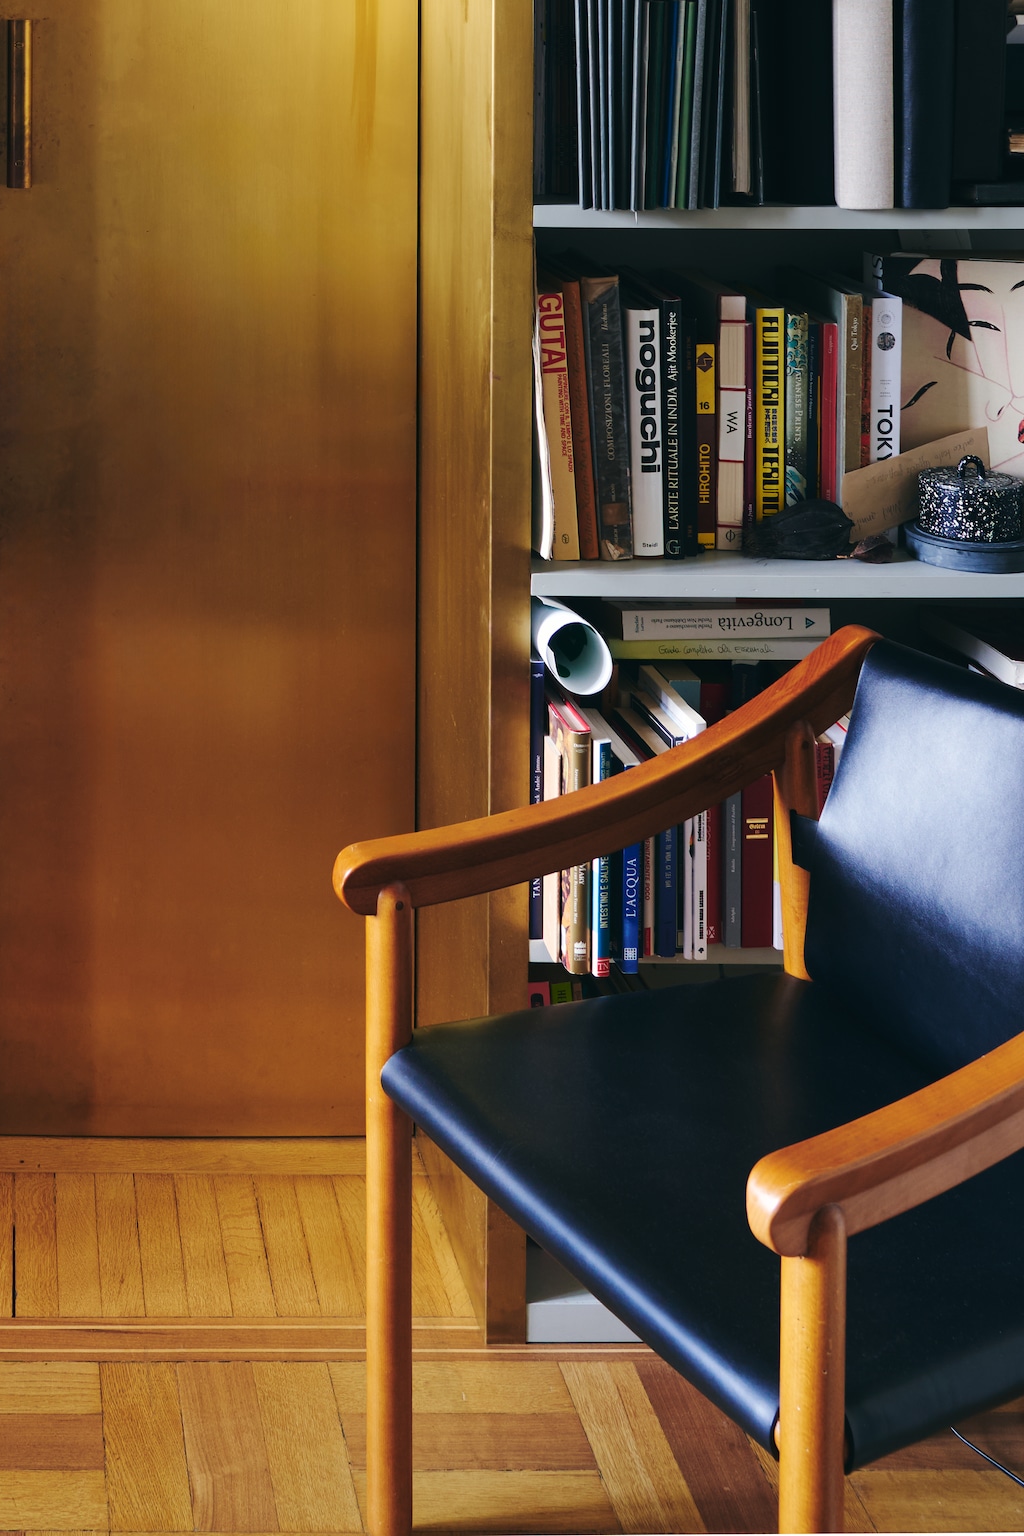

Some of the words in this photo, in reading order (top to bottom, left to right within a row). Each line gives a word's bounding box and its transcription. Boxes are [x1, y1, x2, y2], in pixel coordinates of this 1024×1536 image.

[538, 293, 567, 374] GUTAI
[667, 312, 679, 361] Mookerjee
[636, 320, 661, 473] noguchi
[667, 388, 678, 419] INDIA
[698, 402, 710, 410] 16
[726, 411, 738, 434] WA
[699, 443, 710, 504] HIROHITO
[718, 612, 794, 631] Longevità

PROBLEM STATEMENT:
Give back the listing unchanged. Strip out the pictures.

TASK RESULT:
Some of the words in this photo, in reading order (top to bottom, left to right within a row). Each line gives a word's bounding box and its transcription. Boxes are [x1, y1, x2, y2], in pixel coordinates of this 1024×1536 image.

[538, 293, 567, 374] GUTAI
[667, 312, 679, 361] Mookerjee
[636, 320, 661, 473] noguchi
[667, 388, 678, 419] INDIA
[698, 402, 710, 410] 16
[726, 411, 738, 434] WA
[699, 443, 710, 504] HIROHITO
[718, 612, 794, 631] Longevità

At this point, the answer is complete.